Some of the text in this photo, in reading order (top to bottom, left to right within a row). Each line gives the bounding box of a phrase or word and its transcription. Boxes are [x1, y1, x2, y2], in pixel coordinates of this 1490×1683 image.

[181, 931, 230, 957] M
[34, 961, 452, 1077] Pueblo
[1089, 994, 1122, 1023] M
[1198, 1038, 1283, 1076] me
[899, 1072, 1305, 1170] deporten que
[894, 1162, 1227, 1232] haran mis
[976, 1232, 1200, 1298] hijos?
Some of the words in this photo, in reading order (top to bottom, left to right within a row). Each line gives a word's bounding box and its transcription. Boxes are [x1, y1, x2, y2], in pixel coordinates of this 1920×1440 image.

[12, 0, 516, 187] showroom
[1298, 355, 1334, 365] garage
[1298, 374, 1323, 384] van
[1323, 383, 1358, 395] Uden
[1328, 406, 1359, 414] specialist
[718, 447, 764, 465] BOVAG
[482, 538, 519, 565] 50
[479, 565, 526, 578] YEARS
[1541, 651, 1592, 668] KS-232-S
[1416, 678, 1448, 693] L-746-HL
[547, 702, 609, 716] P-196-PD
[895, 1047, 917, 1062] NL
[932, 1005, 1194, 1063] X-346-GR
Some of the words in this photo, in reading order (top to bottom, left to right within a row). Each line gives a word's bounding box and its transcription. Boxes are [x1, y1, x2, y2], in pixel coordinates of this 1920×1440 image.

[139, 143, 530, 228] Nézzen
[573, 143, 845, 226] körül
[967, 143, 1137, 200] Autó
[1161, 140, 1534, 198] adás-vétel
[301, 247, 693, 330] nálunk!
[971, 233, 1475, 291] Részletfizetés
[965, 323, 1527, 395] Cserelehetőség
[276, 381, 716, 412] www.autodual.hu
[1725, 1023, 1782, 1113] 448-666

========================================================================

A precise copy of the whole listing is the expected answer.

Task output
Some of the text in this photo, in reading order (top to bottom, left to right within a row). Each line gives the bounding box of a phrase or word and its transcription. Boxes are [x1, y1, x2, y2], in pixel coordinates of this 1490×1683 image.

[181, 931, 230, 957] M
[34, 961, 452, 1077] Pueblo
[1089, 994, 1122, 1023] M
[1198, 1038, 1283, 1076] me
[899, 1072, 1305, 1170] deporten que
[894, 1162, 1227, 1232] haran mis
[976, 1232, 1200, 1298] hijos?
Some of the words in this photo, in reading order (top to bottom, left to right within a row). Each line gives a word's bounding box and its transcription. Boxes are [x1, y1, x2, y2], in pixel coordinates of this 1920×1440 image.

[12, 0, 516, 187] showroom
[1298, 355, 1334, 365] garage
[1298, 374, 1323, 384] van
[1323, 383, 1358, 395] Uden
[1328, 406, 1359, 414] specialist
[718, 447, 764, 465] BOVAG
[482, 538, 519, 565] 50
[479, 565, 526, 578] YEARS
[1541, 651, 1592, 668] KS-232-S
[1416, 678, 1448, 693] L-746-HL
[547, 702, 609, 716] P-196-PD
[895, 1047, 917, 1062] NL
[932, 1005, 1194, 1063] X-346-GR
Some of the words in this photo, in reading order (top to bottom, left to right within a row). Each line gives a word's bounding box and its transcription. Boxes are [x1, y1, x2, y2], in pixel coordinates of this 1920×1440 image.

[139, 143, 530, 228] Nézzen
[573, 143, 845, 226] körül
[967, 143, 1137, 200] Autó
[1161, 140, 1534, 198] adás-vétel
[301, 247, 693, 330] nálunk!
[971, 233, 1475, 291] Részletfizetés
[965, 323, 1527, 395] Cserelehetőség
[276, 381, 716, 412] www.autodual.hu
[1725, 1023, 1782, 1113] 448-666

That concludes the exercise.